| Data extract |
▬▬▬▬▬▬
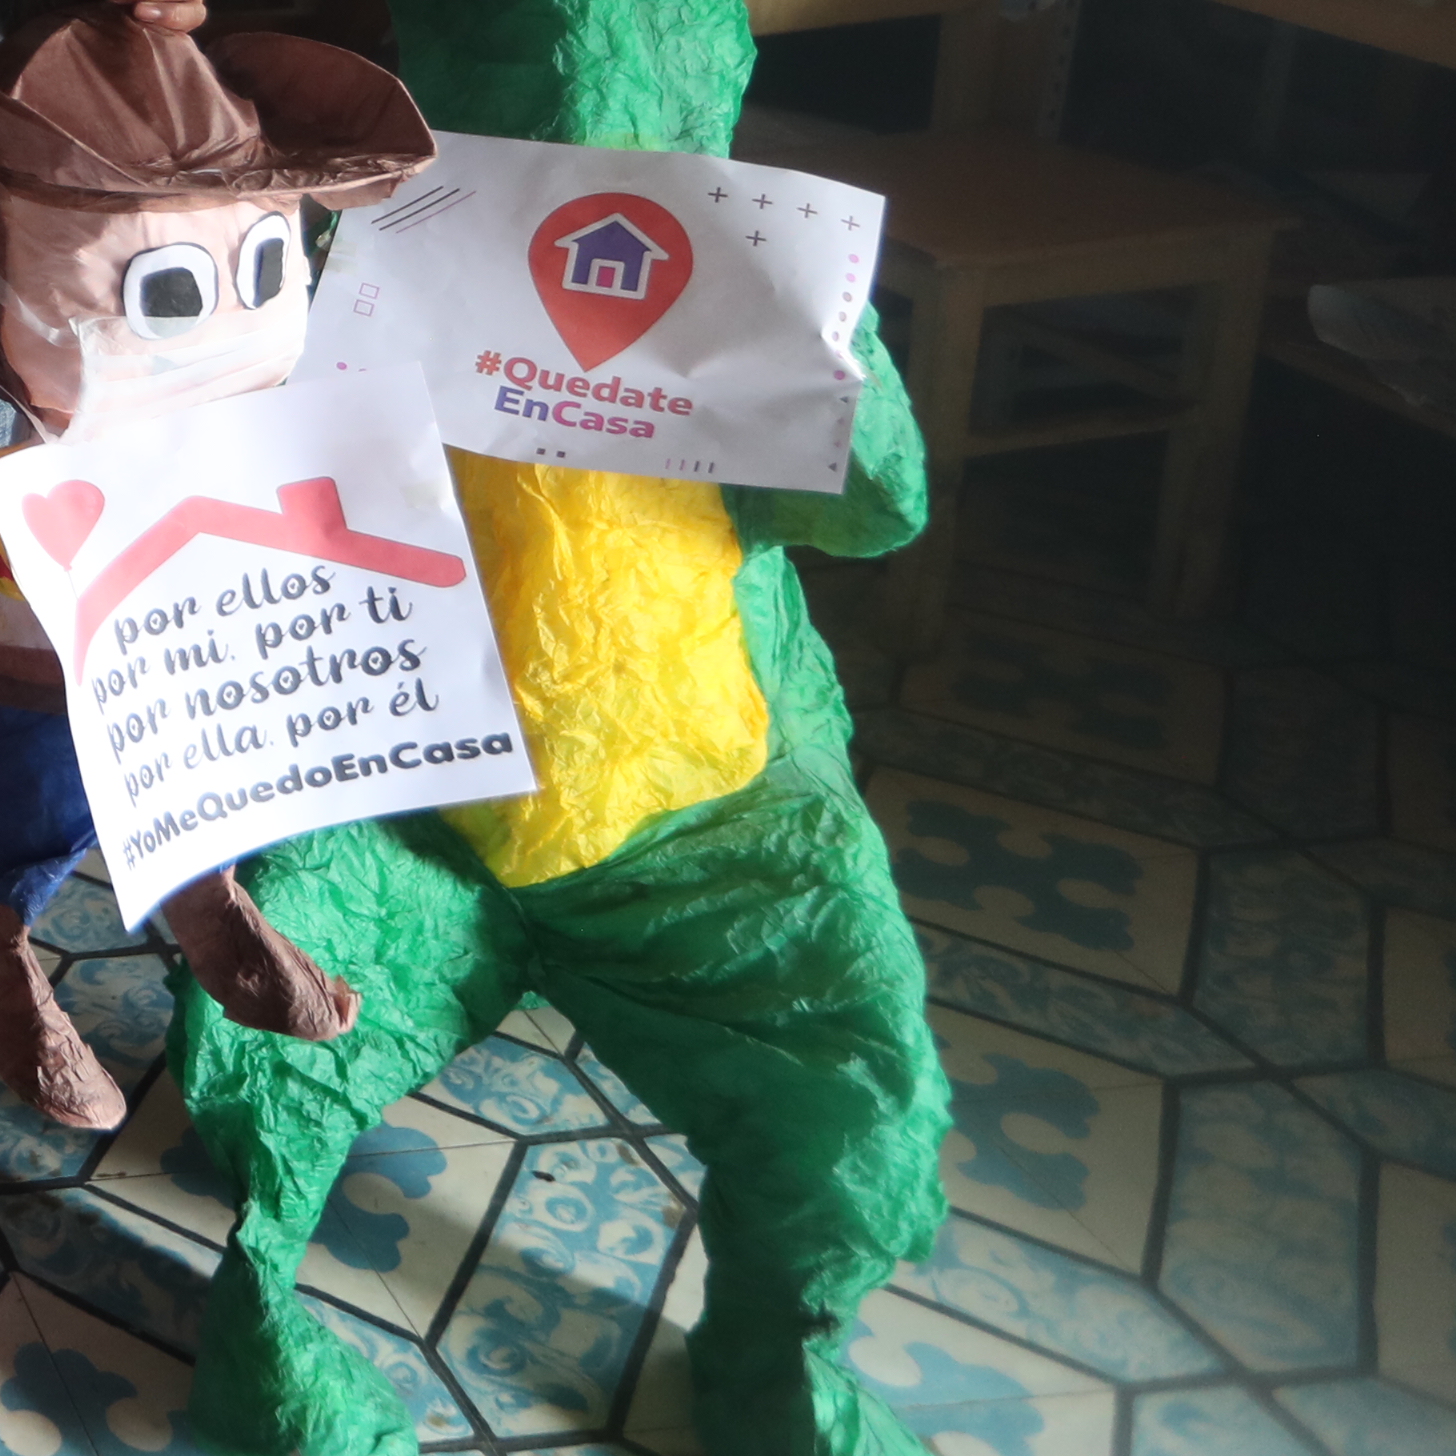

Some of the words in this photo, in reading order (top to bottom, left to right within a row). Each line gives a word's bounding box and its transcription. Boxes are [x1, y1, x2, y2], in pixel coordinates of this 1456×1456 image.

[474, 349, 694, 417] #Quedate
[494, 385, 656, 439] EnCasa
[91, 655, 150, 714] por
[255, 602, 351, 660] por
[359, 585, 413, 623] ti
[114, 596, 201, 655] por
[216, 565, 336, 617] ellos
[106, 697, 171, 764] por
[184, 638, 428, 720] nosotros
[123, 750, 174, 807] por
[286, 696, 374, 748] por
[389, 677, 440, 719] él
[122, 731, 515, 870] #YoMeQuedoEnCasa
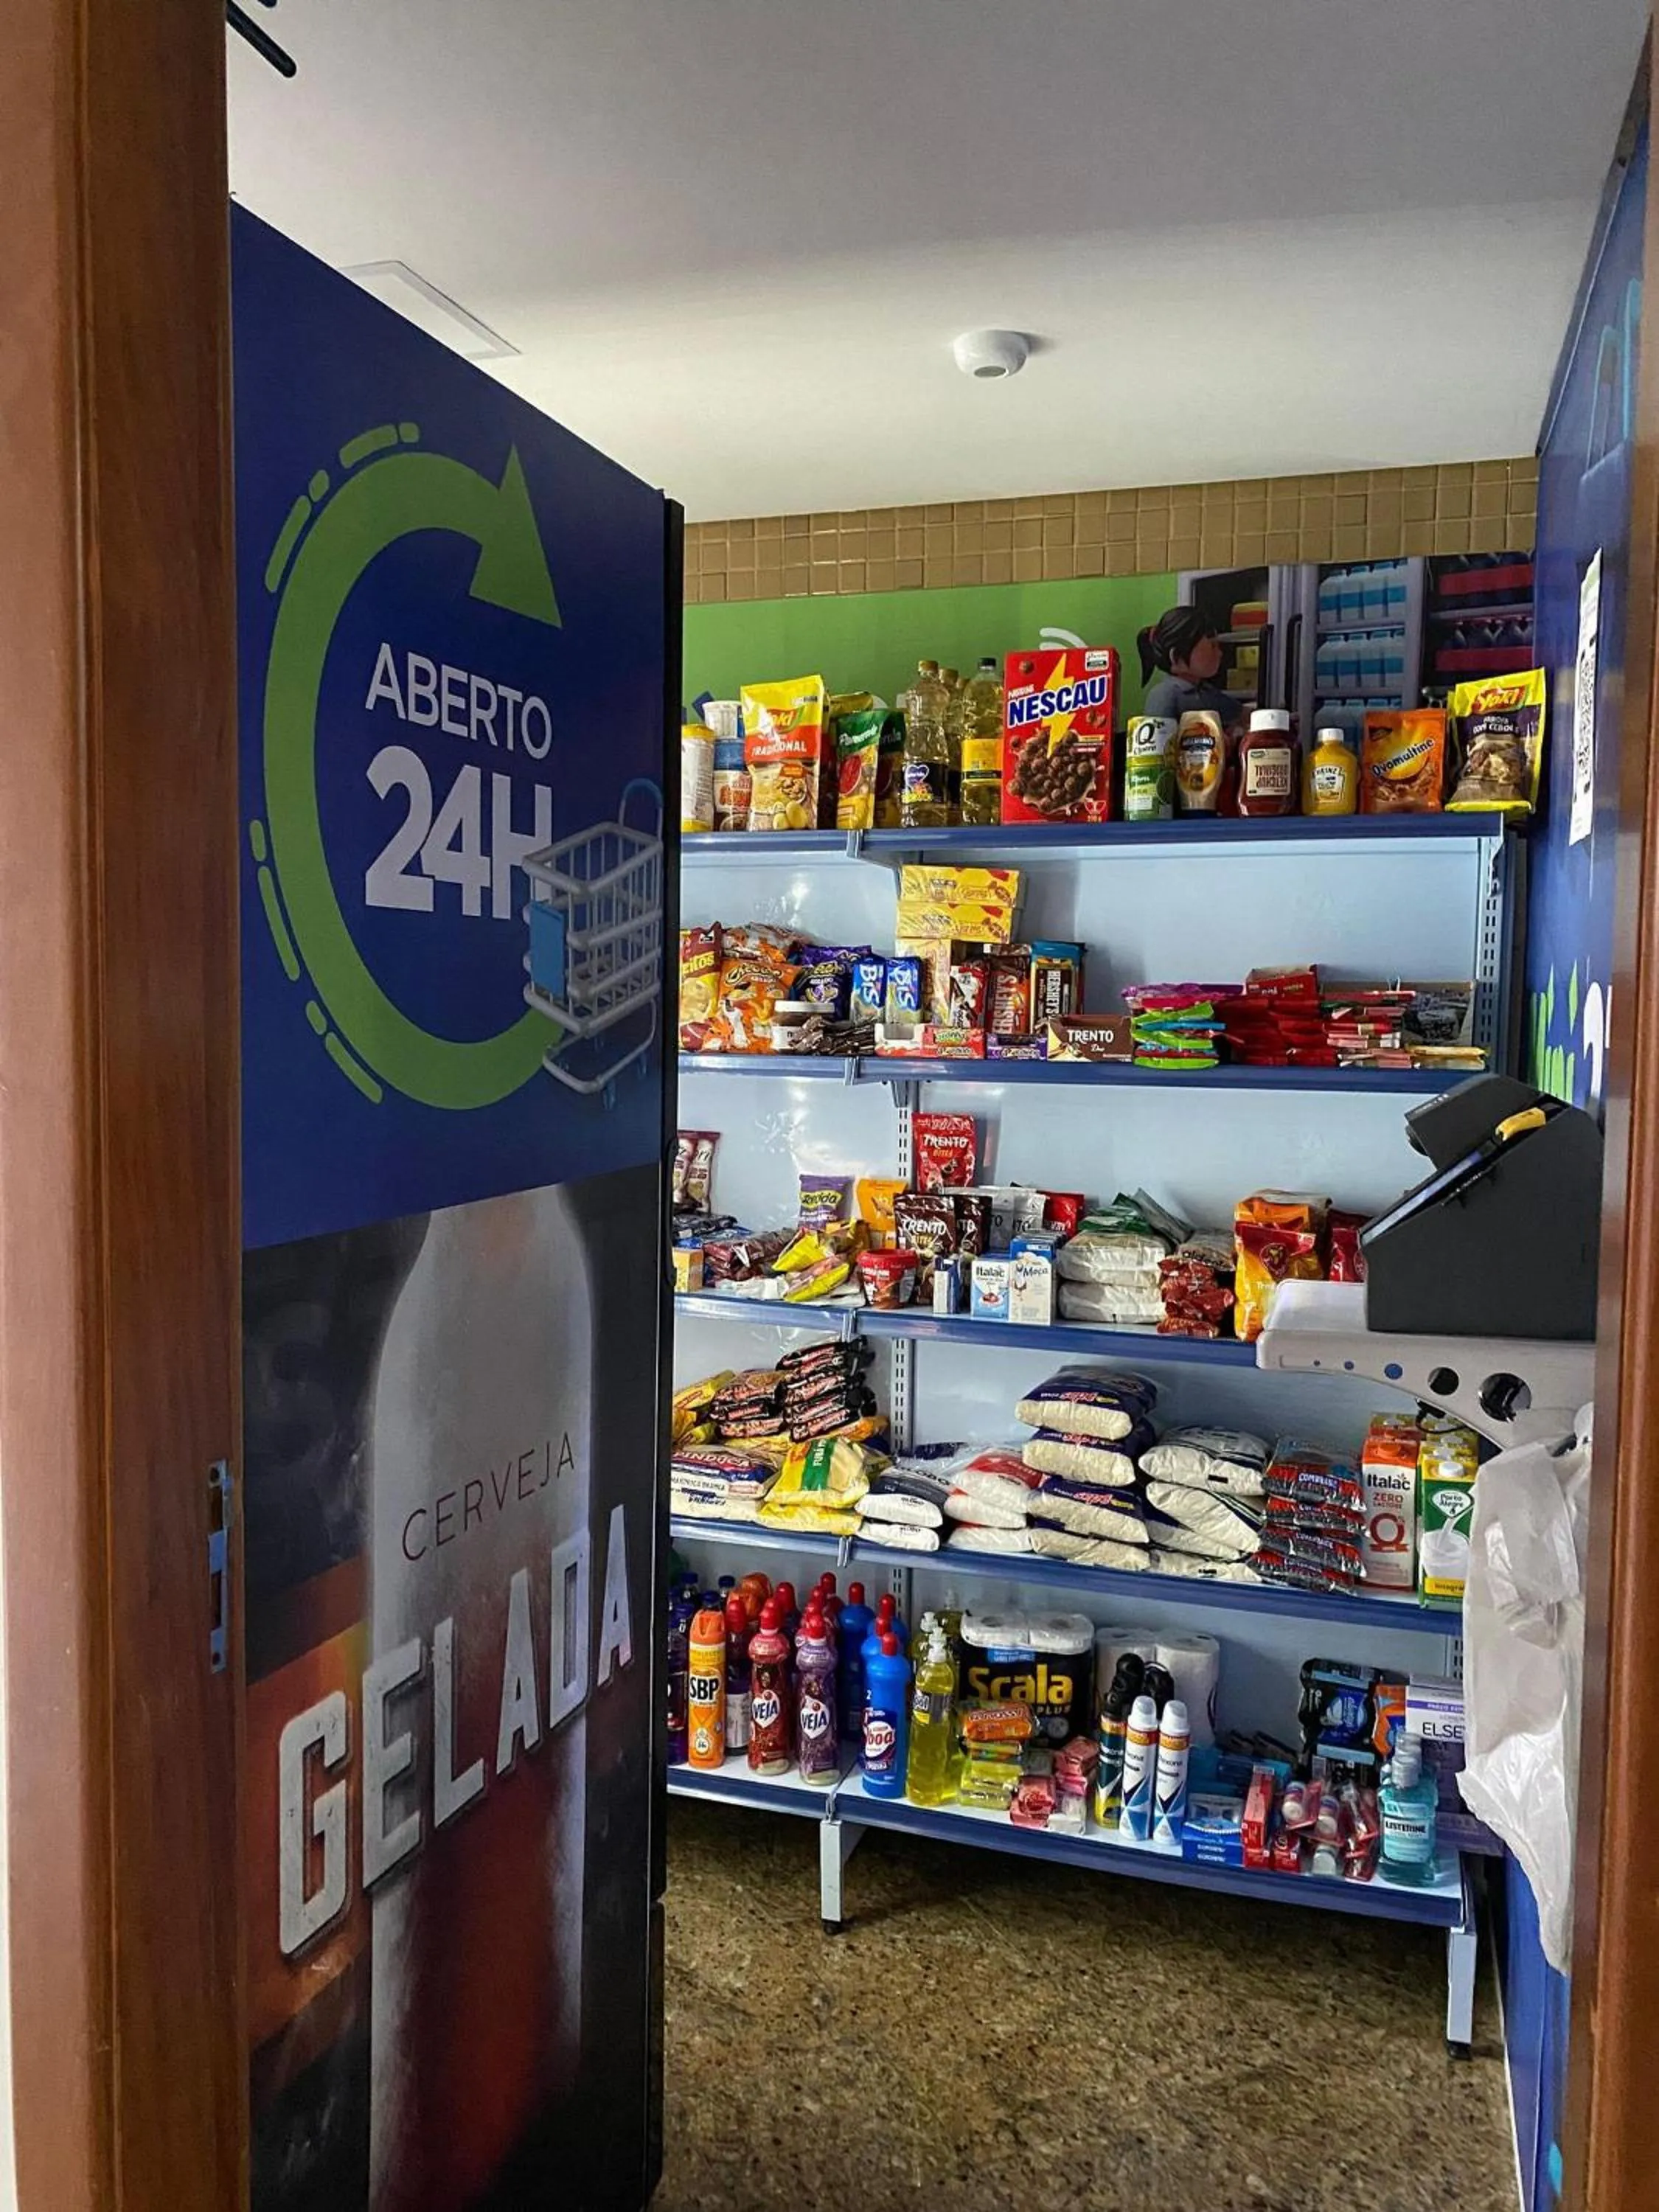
▬▬▬▬▬▬
Each line above is to be copied exactly, and the pictures are to be dropped.

| Exercise result |
Some of the words in this photo, in reading order (top to bottom, left to right within a row). Each line gives a word's bounding box and its transcription. Boxes are [x1, y1, x2, y2], in pixel coordinates of this 1456×1456 image.

[474, 349, 694, 417] #Quedate
[494, 385, 656, 439] EnCasa
[91, 655, 150, 714] por
[255, 602, 351, 660] por
[359, 585, 413, 623] ti
[114, 596, 201, 655] por
[216, 565, 336, 617] ellos
[106, 697, 171, 764] por
[184, 638, 428, 720] nosotros
[123, 750, 174, 807] por
[286, 696, 374, 748] por
[389, 677, 440, 719] él
[122, 731, 515, 870] #YoMeQuedoEnCasa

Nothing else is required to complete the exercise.